**Your goal**
Keeping pictures out of the copy, restate each record word for word.
(Beginning of Input records)
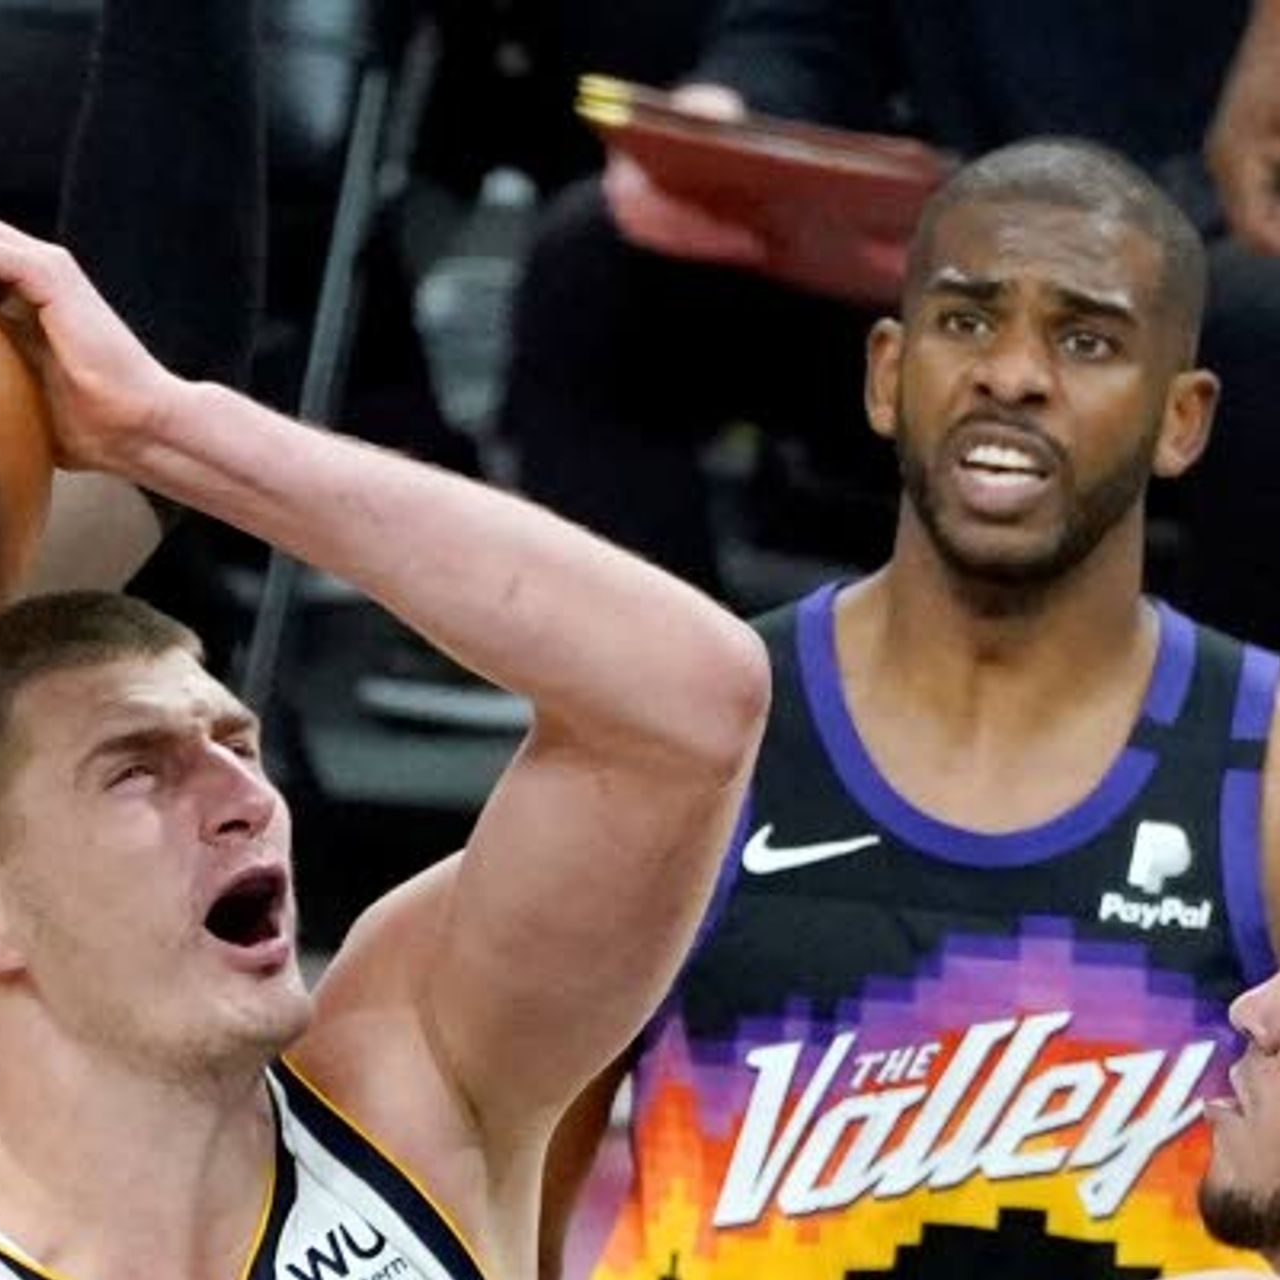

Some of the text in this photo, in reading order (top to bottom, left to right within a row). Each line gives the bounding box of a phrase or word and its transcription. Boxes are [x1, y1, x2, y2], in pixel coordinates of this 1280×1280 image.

[1098, 891, 1212, 931] PayPal
[852, 1041, 942, 1089] THE
[713, 1010, 1217, 1229] Valley
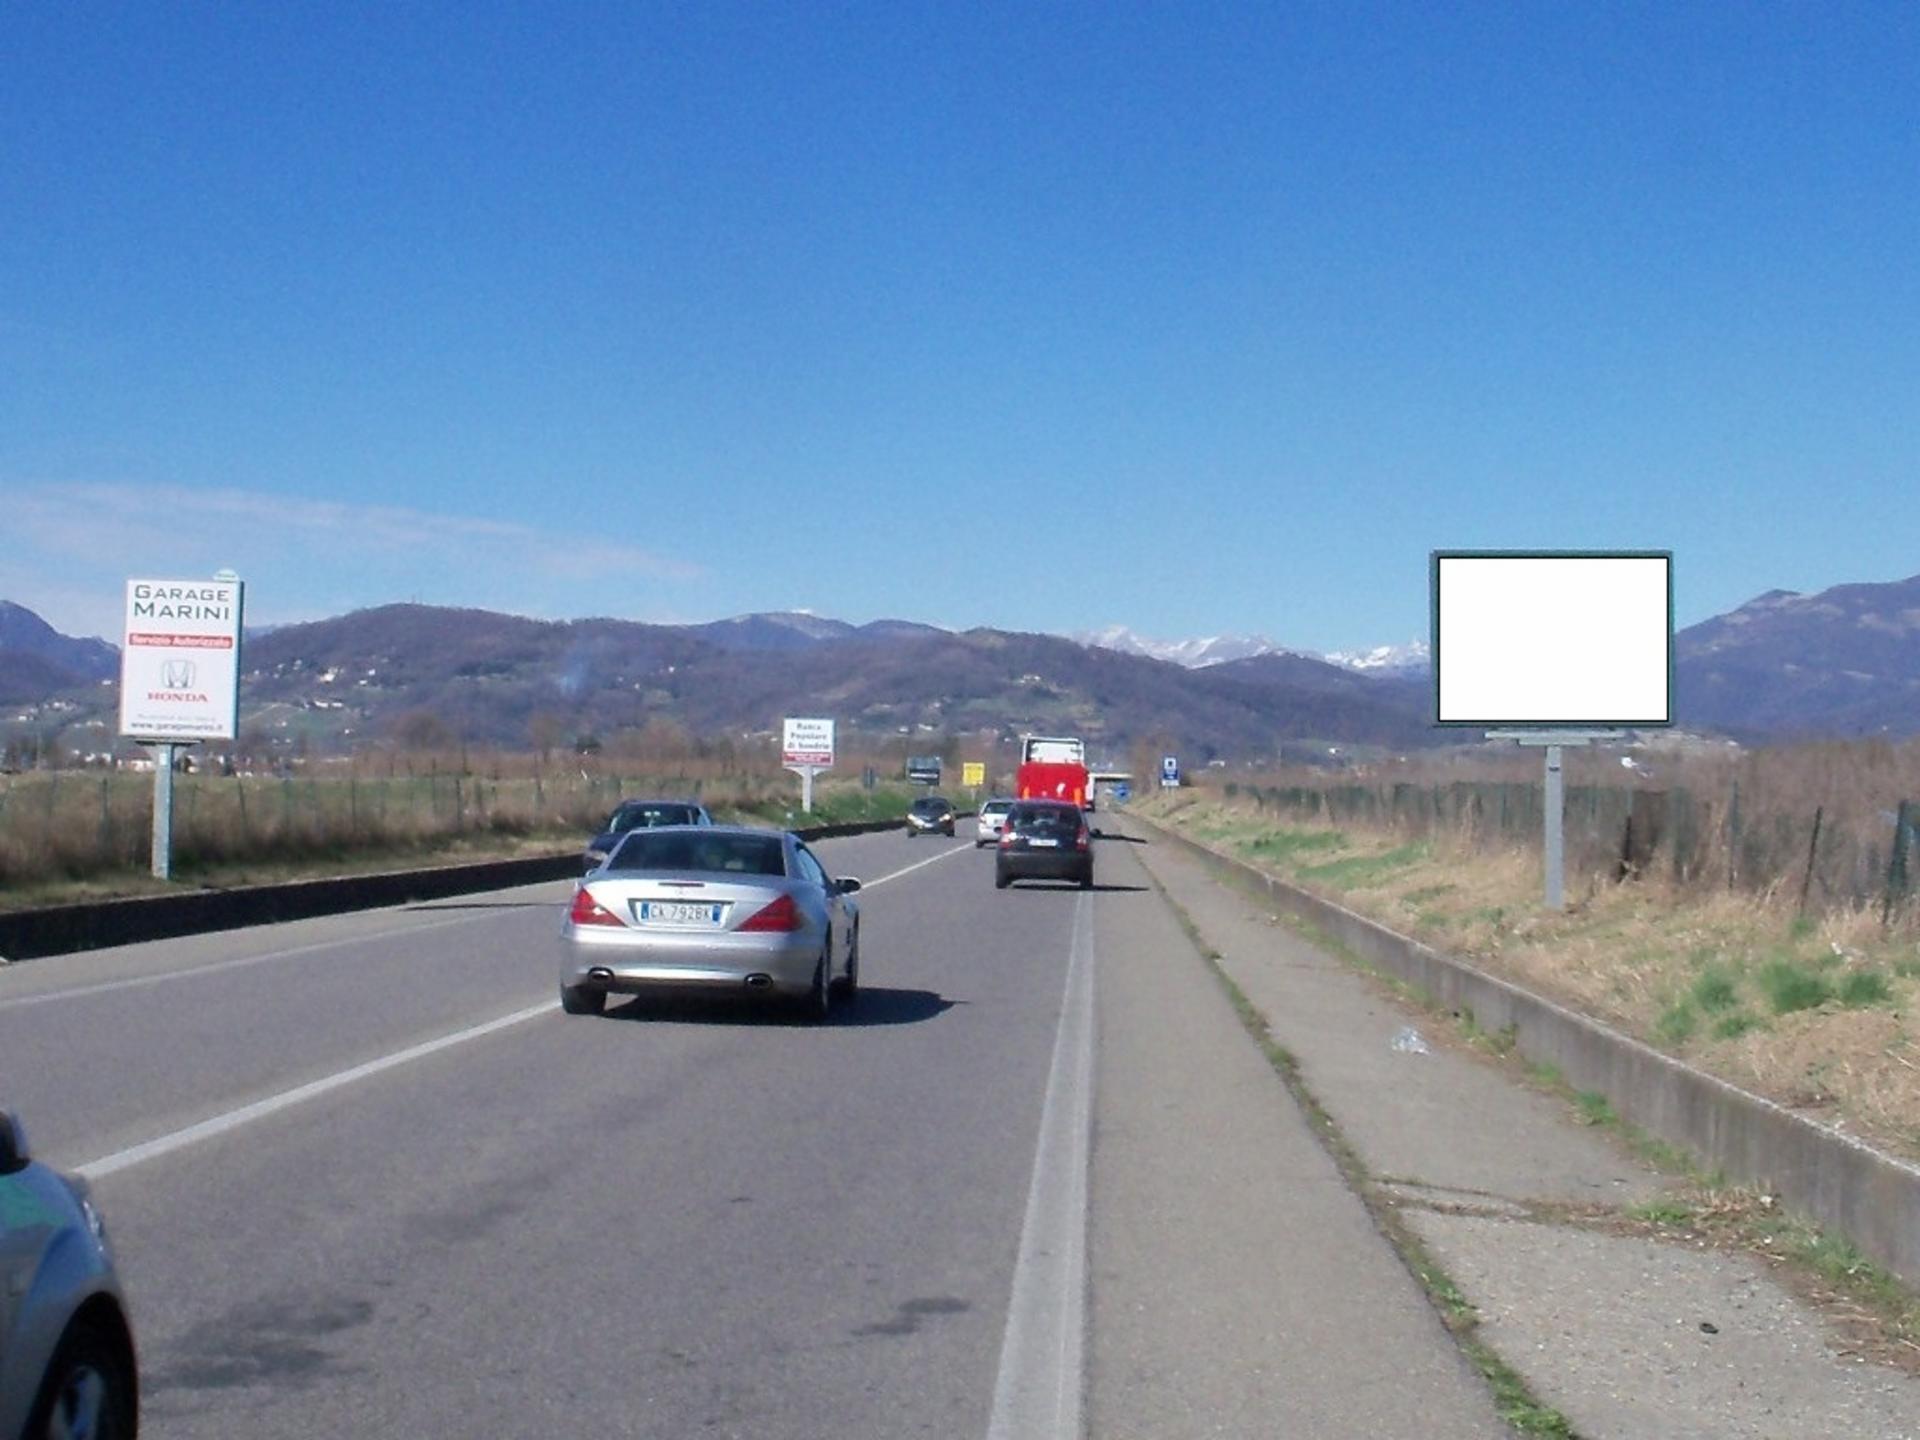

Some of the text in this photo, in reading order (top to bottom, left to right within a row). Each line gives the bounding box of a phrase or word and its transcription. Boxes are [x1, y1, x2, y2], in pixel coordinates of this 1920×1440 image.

[135, 584, 229, 602] GARAGE
[134, 602, 229, 620] MARINI
[147, 692, 208, 702] HONDA
(End of Input records)
**Result below**
Some of the text in this photo, in reading order (top to bottom, left to right within a row). Each line gives the bounding box of a phrase or word and its transcription. Boxes are [x1, y1, x2, y2], in pixel coordinates of this 1280×1280 image.

[1098, 891, 1212, 931] PayPal
[852, 1041, 942, 1089] THE
[713, 1010, 1217, 1229] Valley

Some of the text in this photo, in reading order (top to bottom, left to right within a row). Each line gives the bounding box of a phrase or word and its transcription. Boxes are [x1, y1, x2, y2], in pixel coordinates of this 1920×1440 image.

[135, 584, 229, 602] GARAGE
[134, 602, 229, 620] MARINI
[147, 692, 208, 702] HONDA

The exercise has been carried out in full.